'''
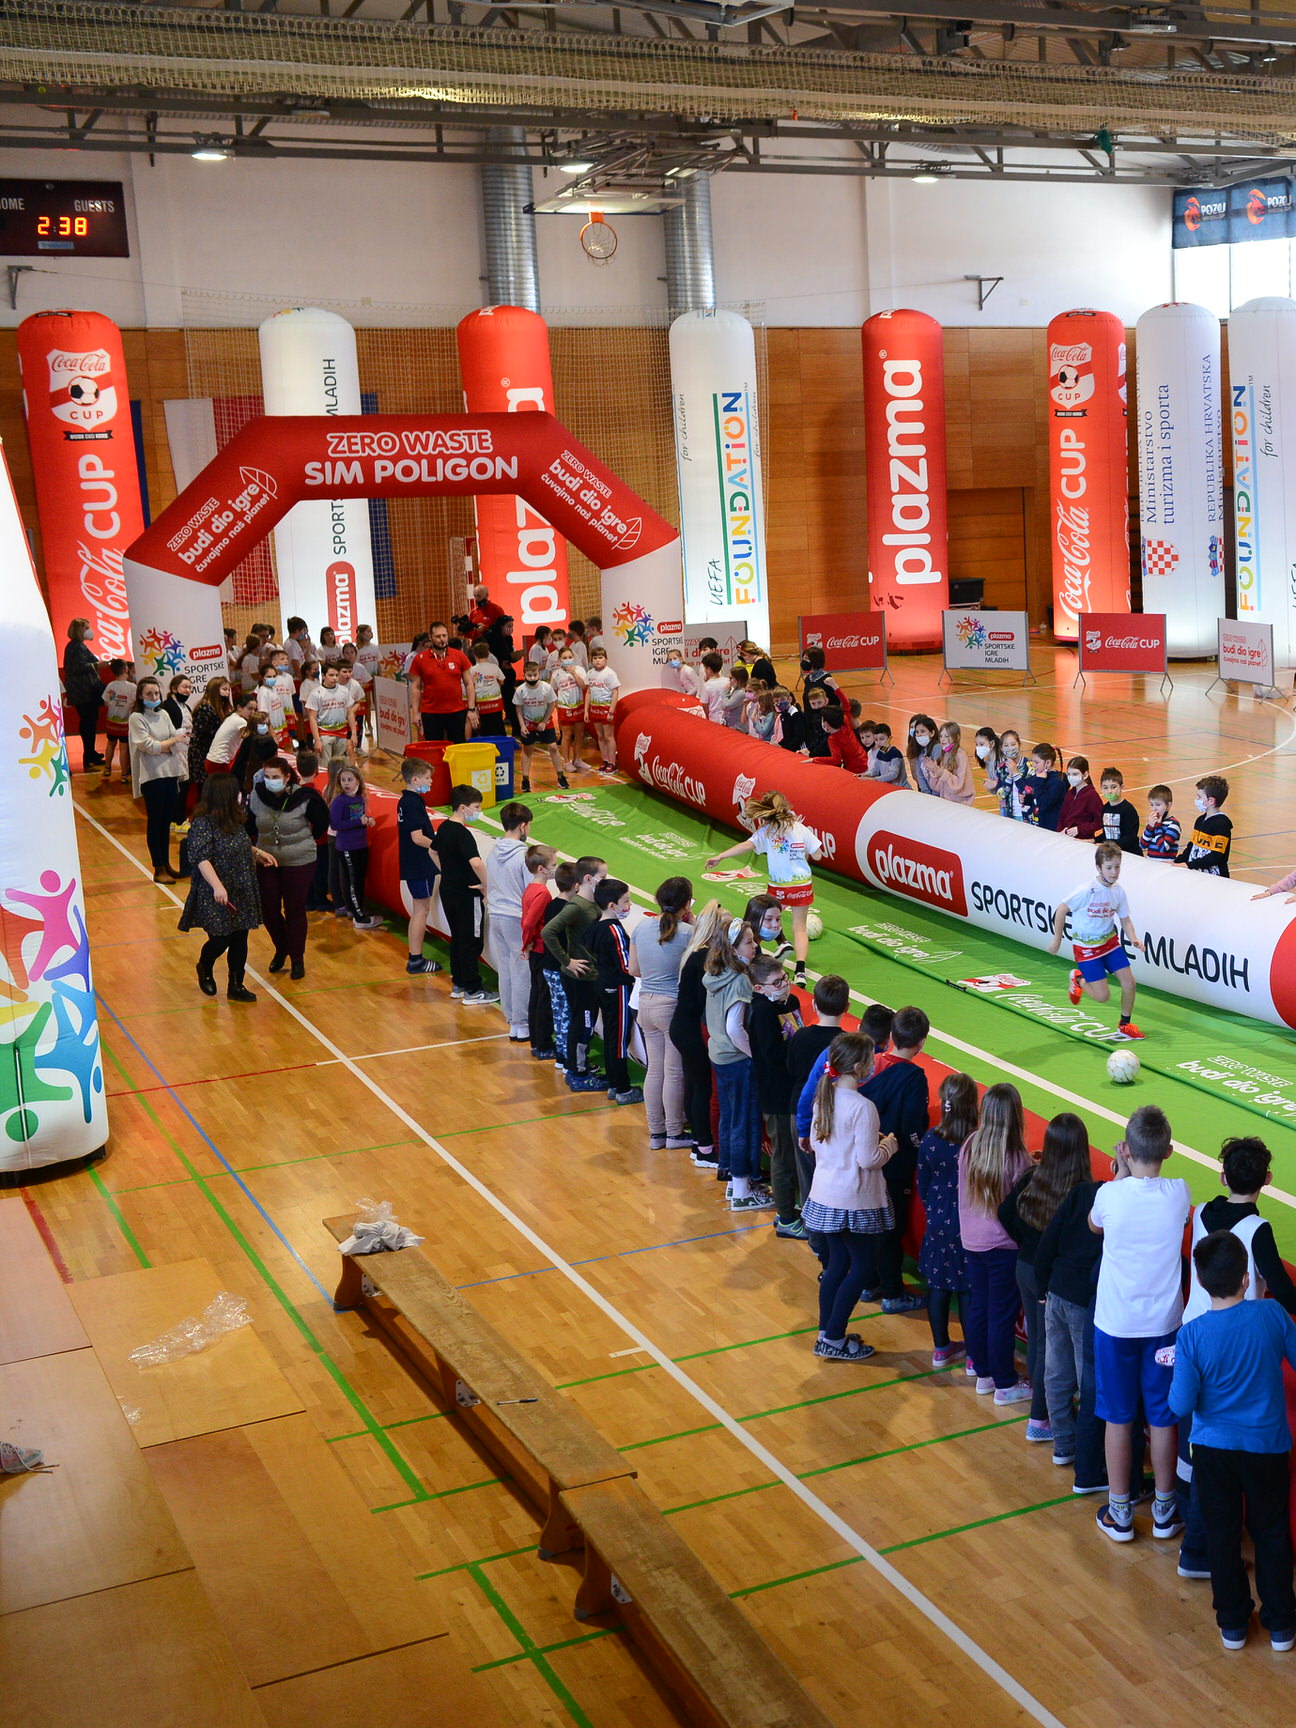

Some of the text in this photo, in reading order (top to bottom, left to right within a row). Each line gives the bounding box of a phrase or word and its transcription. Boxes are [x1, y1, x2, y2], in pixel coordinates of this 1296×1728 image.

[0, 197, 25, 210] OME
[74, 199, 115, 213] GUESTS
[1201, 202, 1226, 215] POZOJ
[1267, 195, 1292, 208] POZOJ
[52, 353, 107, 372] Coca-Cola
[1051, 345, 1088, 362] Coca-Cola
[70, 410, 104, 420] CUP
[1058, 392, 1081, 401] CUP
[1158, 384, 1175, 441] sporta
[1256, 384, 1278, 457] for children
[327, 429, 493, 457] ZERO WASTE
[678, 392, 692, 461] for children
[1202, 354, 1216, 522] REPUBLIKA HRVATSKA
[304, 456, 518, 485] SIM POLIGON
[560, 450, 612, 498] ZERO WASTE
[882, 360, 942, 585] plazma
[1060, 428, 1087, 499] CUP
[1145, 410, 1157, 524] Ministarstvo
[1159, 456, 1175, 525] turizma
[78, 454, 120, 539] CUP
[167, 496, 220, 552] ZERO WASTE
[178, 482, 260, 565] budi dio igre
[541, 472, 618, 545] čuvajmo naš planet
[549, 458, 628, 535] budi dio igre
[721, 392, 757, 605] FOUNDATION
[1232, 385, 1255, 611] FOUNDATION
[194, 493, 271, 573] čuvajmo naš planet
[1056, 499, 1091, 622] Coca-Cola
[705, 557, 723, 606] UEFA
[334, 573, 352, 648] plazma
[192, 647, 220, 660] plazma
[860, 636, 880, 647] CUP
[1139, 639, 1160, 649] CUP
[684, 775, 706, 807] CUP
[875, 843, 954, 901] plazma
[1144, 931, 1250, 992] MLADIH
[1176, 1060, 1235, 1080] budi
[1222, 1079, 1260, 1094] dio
'''
Prompt: Return the records above exactly, without the pictures.

Exercise answer:
Some of the text in this photo, in reading order (top to bottom, left to right within a row). Each line gives the bounding box of a phrase or word and its transcription. Boxes are [x1, y1, x2, y2], in pixel coordinates of this 1296×1728 image.

[0, 197, 25, 210] OME
[74, 199, 115, 213] GUESTS
[1201, 202, 1226, 215] POZOJ
[1267, 195, 1292, 208] POZOJ
[52, 353, 107, 372] Coca-Cola
[1051, 345, 1088, 362] Coca-Cola
[70, 410, 104, 420] CUP
[1058, 392, 1081, 401] CUP
[1158, 384, 1175, 441] sporta
[1256, 384, 1278, 457] for children
[327, 429, 493, 457] ZERO WASTE
[678, 392, 692, 461] for children
[1202, 354, 1216, 522] REPUBLIKA HRVATSKA
[304, 456, 518, 485] SIM POLIGON
[560, 450, 612, 498] ZERO WASTE
[882, 360, 942, 585] plazma
[1060, 428, 1087, 499] CUP
[1145, 410, 1157, 524] Ministarstvo
[1159, 456, 1175, 525] turizma
[78, 454, 120, 539] CUP
[167, 496, 220, 552] ZERO WASTE
[178, 482, 260, 565] budi dio igre
[541, 472, 618, 545] čuvajmo naš planet
[549, 458, 628, 535] budi dio igre
[721, 392, 757, 605] FOUNDATION
[1232, 385, 1255, 611] FOUNDATION
[194, 493, 271, 573] čuvajmo naš planet
[1056, 499, 1091, 622] Coca-Cola
[705, 557, 723, 606] UEFA
[334, 573, 352, 648] plazma
[192, 647, 220, 660] plazma
[860, 636, 880, 647] CUP
[1139, 639, 1160, 649] CUP
[684, 775, 706, 807] CUP
[875, 843, 954, 901] plazma
[1144, 931, 1250, 992] MLADIH
[1176, 1060, 1235, 1080] budi
[1222, 1079, 1260, 1094] dio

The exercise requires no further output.